Abbas however called Peres a “brave” partner for peace.

There have been very few tributes from Arab nations, though Egyptian Foreign Minister Sameh Shoukry is due to attend the funeral.

Egypt and Jordan are the only two Arab countries with peace treaties with Israel.

Born in Poland in 1923, Peres emigrated to what was then British-mandated Palestine when he was 11.

He joined the Zionist struggle and met David Ben-Gurion, who would become his mentor and Israel’s first prime minister.

Peres became director general of the nascent defense ministry at just 29.

After leaving office as president, he had sought to maintain an active schedule, particularly through his Peres Center for Peace.

He was hospitalized in January for heart trouble, but said he was eager to return to work upon leaving.

In March, he met British supermodel Naomi Campbell at his Peres Center for Peace during an event linked to International Women’s Day.
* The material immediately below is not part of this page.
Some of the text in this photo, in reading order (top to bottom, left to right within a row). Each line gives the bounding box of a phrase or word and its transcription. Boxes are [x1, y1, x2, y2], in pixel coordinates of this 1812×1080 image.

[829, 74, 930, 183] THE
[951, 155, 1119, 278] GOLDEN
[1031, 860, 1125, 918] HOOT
On the same day, he met visiting US Vice President Joe Biden.

He had given a speech on September 13, the day he suffered a stroke. He never recovered and died two weeks later.

Despite his reputation as a statesman, Peres never managed to outright win a national election. Many in Israel opposed to the Oslo accords also blamed him for what they saw as their failure.

But in later life, especially during his time as president, he came to be widely embraced.